Concussion Facts and Stats
Almost 1 in 5 (16%) adults claim to have suffered from a concussion in the past with a further 14% claiming that one or more close family members have had a concussion. A quarter (25%) of those aged 18-24 claim to have suffered a concussion previously.
Almost 3 in 10 (29%) of those who have personally had a concussion claim that they did not seek a clinical evaluation to diagnose and treat their suspected concussion. Those who claim a close family friend has had a concussion are more likely to think that the family member sought a clinical evaluation.
Just over 7 in 10 (71%) adults would view concussion as a health concern, with half (53%) viewing it as a serious health concern and almost 1 in 5 (18%) viewing it as a severe health concern. In spite of those aged 18-24 most likely to suffer a concussion personally, they are least likely to view it as a serious health concern.
Almost 9 in 10 (89%) adults would cite rugby as a sport/activity where children aged under 18 are more likely to get a concussion, some way ahead of all other sports/activities. Horse riding (57%), hurling/camogie (56%) and Gaelic football are all cited to a significant degree.
Less than 3 in 10 (28%) adults believe that safety aids like helmets, scrum caps, face-guards and mouth guards almost always protect against concussion. A third (33%) claim they often protect, with a similar proportion claiming they sometimes prevent against a concussion injury.
The majority feel that there is no difference in the vulnerability between adult males and females when it comes to propensity to suffer a concussion. Some 4 in 10 (41%) think that males are more vulnerable with just 3% feeling that females are more vulnerable.
Almost two thirds (64%) feel that there is no difference in the vulnerability between male and female children aged under 18 when it comes to propensity to suffer a concussion.
Nearly 6 in 10 (58%) adults claim they have not received any education regarding the signs and symptoms, appropriate management and treatment options of concussions. There are just over a third who claim to have a little education with just 7% claiming to have a received a lot of education, with those aged 18-24 highest in this regard (15%).

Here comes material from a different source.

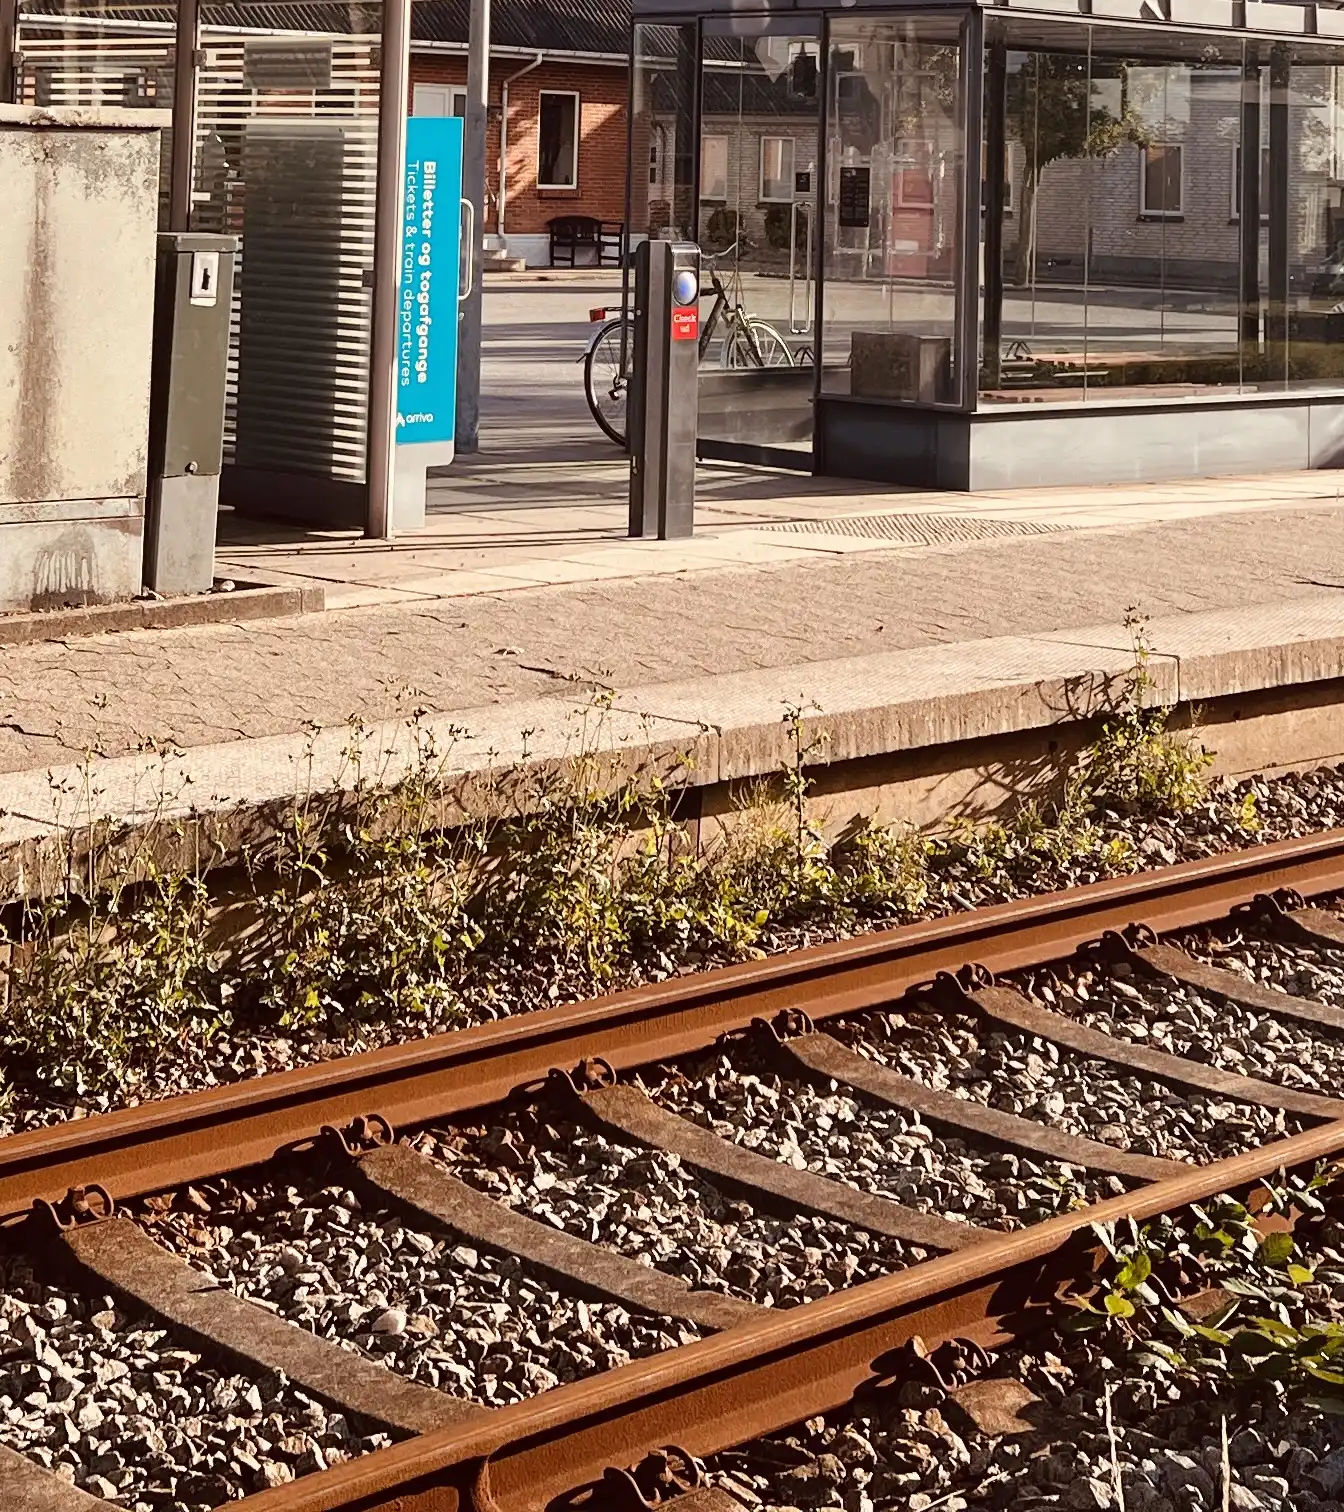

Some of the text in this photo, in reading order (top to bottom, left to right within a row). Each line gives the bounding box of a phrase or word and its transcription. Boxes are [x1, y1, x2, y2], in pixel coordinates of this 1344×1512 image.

[400, 160, 419, 386] Tickets & train departures
[415, 161, 436, 383] Billetter og togafgange

Almost all adults (92%) agree that concussion if left untreated, can have long-term health implications. Two thirds (67%) agree that in order to correctly diagnose concussion a CT or an MRI scan is needed, with almost half (47%) not agreeing that Irish sports coaches are adequately educated to manage concussion injuries correctly.

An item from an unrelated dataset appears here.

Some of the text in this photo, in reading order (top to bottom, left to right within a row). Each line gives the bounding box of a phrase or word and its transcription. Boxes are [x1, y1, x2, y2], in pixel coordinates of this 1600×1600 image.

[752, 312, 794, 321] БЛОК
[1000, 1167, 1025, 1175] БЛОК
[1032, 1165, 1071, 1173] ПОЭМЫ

Nearly a third (31%) of adults claim not to be aware of any of the Concussion Assessment Tools tested. Diagnostic scans (47%) are the most well recognised, just ahead of physical assessments (43%).

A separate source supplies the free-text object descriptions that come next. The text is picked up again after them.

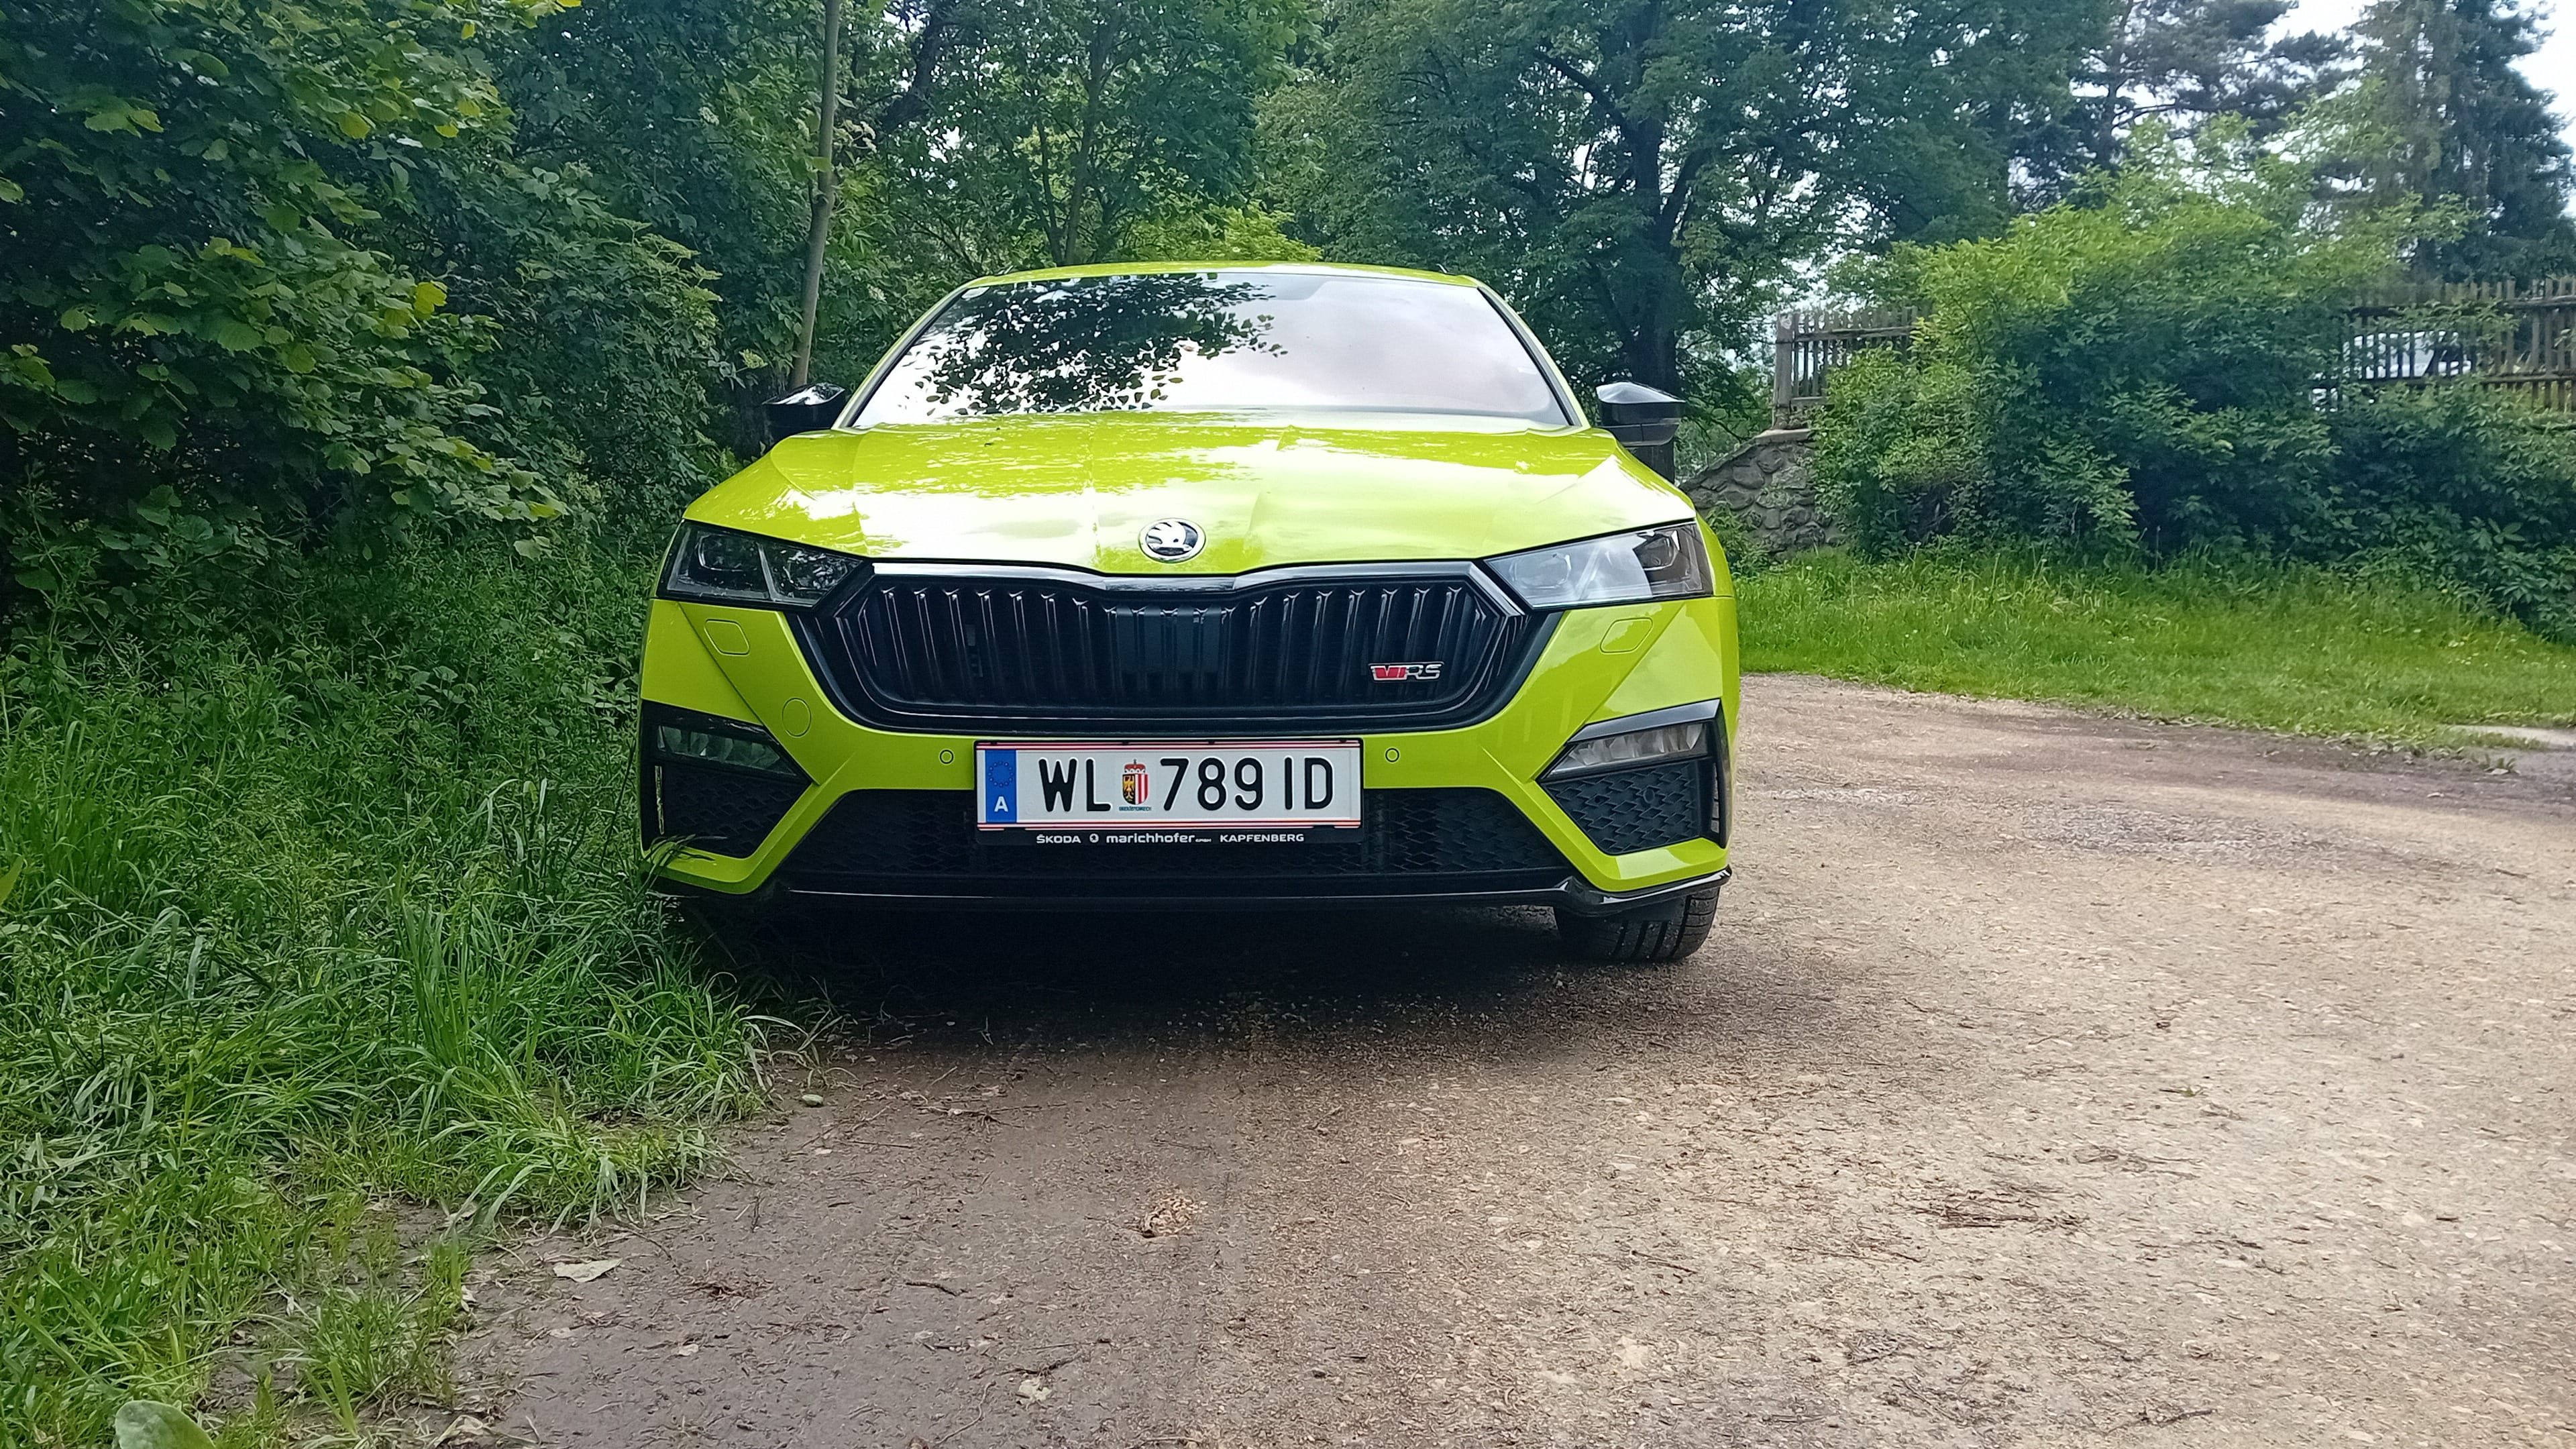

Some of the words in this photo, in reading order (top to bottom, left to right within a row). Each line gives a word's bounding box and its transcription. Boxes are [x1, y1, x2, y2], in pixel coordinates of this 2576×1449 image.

[1038, 758, 1112, 812] WL
[1160, 757, 1263, 811] 789
[1284, 757, 1334, 810] ID
[994, 796, 1009, 812] A
[1036, 834, 1081, 844] ŠKODA
[1106, 833, 1195, 843] marichhofer
[1220, 834, 1305, 843] KAPFENBERG

Of those aware of concussion assessment tools, diagnostic scans are thought to be the most appropriate when evaluating a person with a suspected concussion – double the level who feel physical assessment (19%) is the most appropriate for evaluation of concussion.
A quarter (25%) of adults with children who play sport claim they almost always/often worry about whether their child will get a concussion when playing sport, with a further 44% claiming to sometimes worry about it. Just over 1 in 5 (21%) of those with children who play sports claim they have considered preventing their child playing certain sports or doing certain activities because they fear of the risks of a concussion.